*ENTRIES SUPPLIED*
┄┄┄┄┄┄┄┄┄┄┄┄┄┄┄┄┄┄┄┄

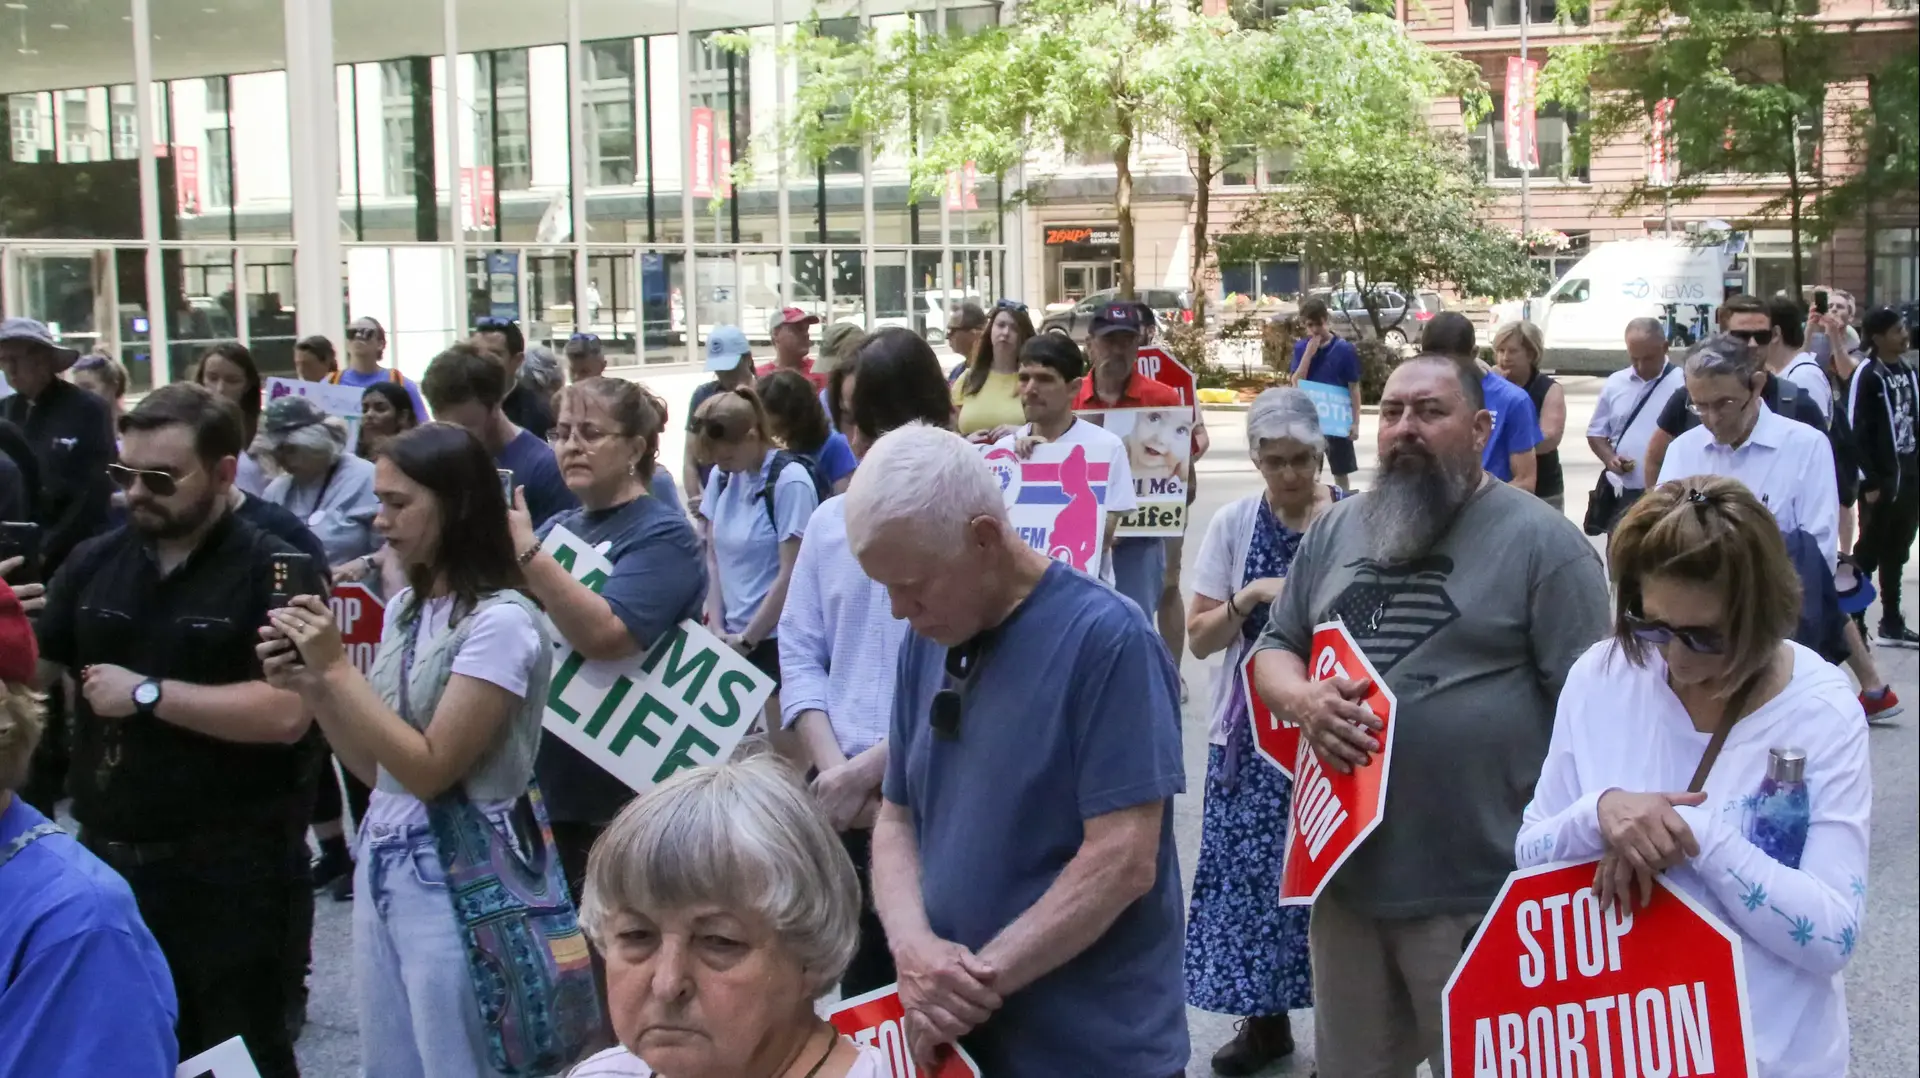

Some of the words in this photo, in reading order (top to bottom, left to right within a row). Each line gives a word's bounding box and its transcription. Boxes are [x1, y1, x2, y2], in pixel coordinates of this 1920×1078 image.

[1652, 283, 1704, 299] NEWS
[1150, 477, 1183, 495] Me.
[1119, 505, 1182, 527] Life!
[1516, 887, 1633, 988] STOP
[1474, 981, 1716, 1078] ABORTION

┄┄┄┄┄┄┄┄┄┄┄┄┄┄┄┄┄┄┄┄

Leave nothing out but the pictures when transcribing the records.

Some of the words in this photo, in reading order (top to bottom, left to right within a row). Each line gives a word's bounding box and its transcription. Boxes are [x1, y1, x2, y2], in pixel coordinates of this 1920×1078 image.

[1652, 283, 1704, 299] NEWS
[1150, 477, 1183, 495] Me.
[1119, 505, 1182, 527] Life!
[1516, 887, 1633, 988] STOP
[1474, 981, 1716, 1078] ABORTION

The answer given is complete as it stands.